Business Glossary
What Is Customer Acquisition Cost?
Customer Acquisition Cost (CAC) is the total cost of acquiring one new customer — all sales and marketing spend divided by new customers acquired. It is the fundamental test of marketing efficiency and business model viability.
The Formula
CAC = Total Sales & Marketing Cost ÷ Number of New Customers Acquired
Worked Example — UK SME
A UK B2B software company: £18,000/month marketing, 24 new customers. CAC = £750. LTV = £4,200. LTV:CAC = 5.6x — strong.
UK Benchmark
📊 CAC benchmarks vary hugely by sector. B2B SaaS £300–£2,000+. Professional services £200–£1,500. E-commerce £15–£80. Local retail £5–£30. CAC only matters relative to LTV.
Common Questions
What costs should I include in CAC?
All sales and marketing costs: advertising spend, agency fees, content creation, trade shows, sales team salaries (new business proportion), CRM and marketing software.

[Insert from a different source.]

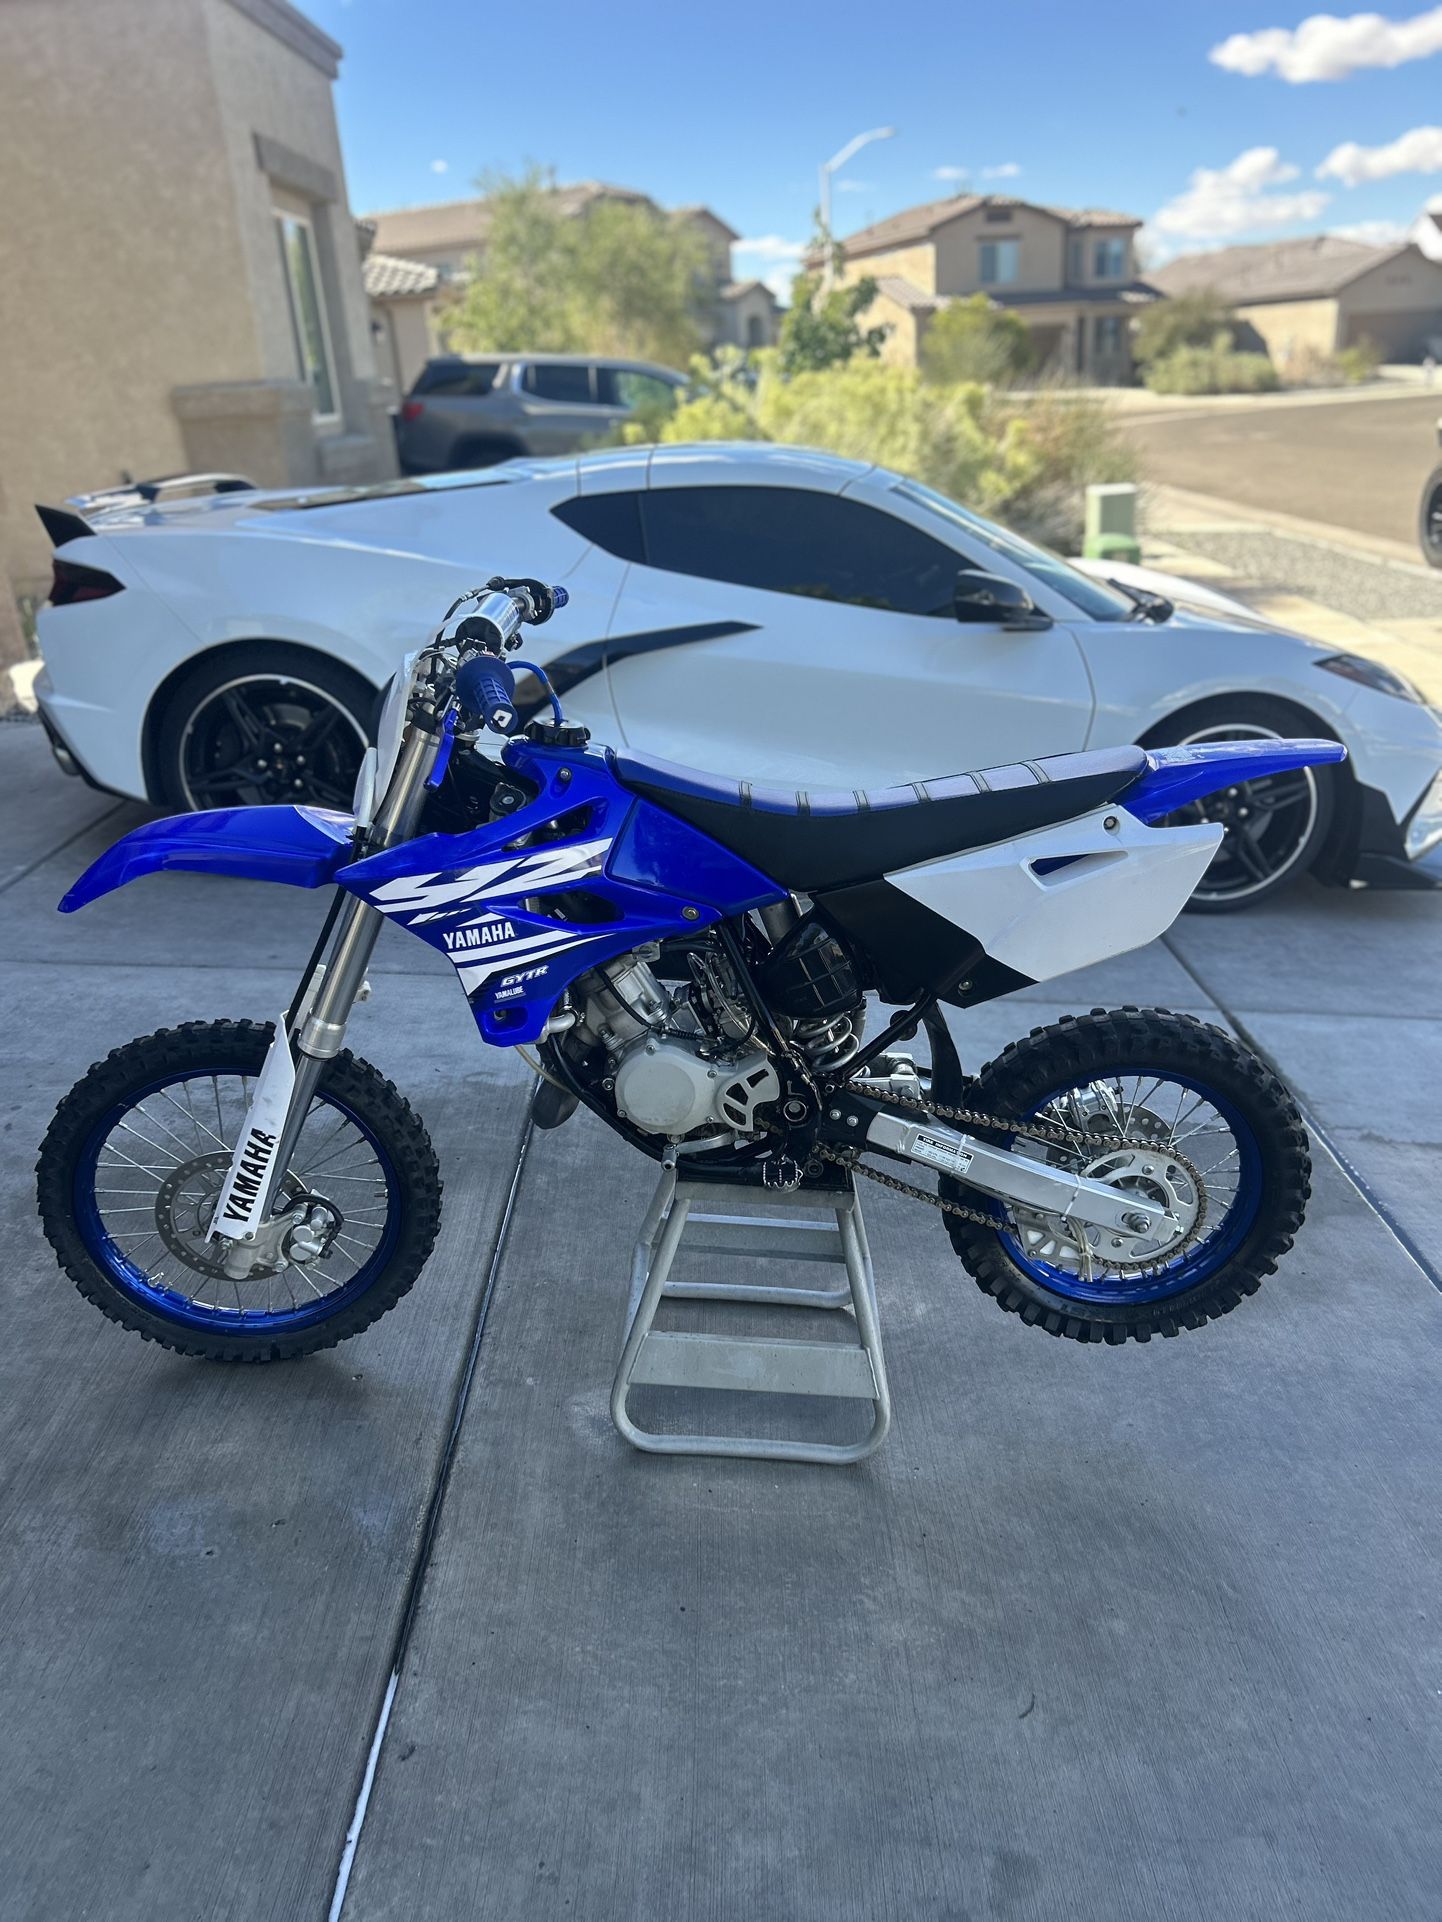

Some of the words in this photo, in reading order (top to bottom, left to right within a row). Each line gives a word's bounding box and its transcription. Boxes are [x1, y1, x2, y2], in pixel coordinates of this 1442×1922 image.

How do I reduce CAC without reducing volume?
Focus on highest-converting channels. Improve conversion rates. Build referral programmes — referred customers typically have 30–50% lower CAC.
Is it better to have lower CAC or higher LTV?
Extending LTV usually delivers better returns. Each extra month of customer retention adds full margin at zero additional acquisition cost.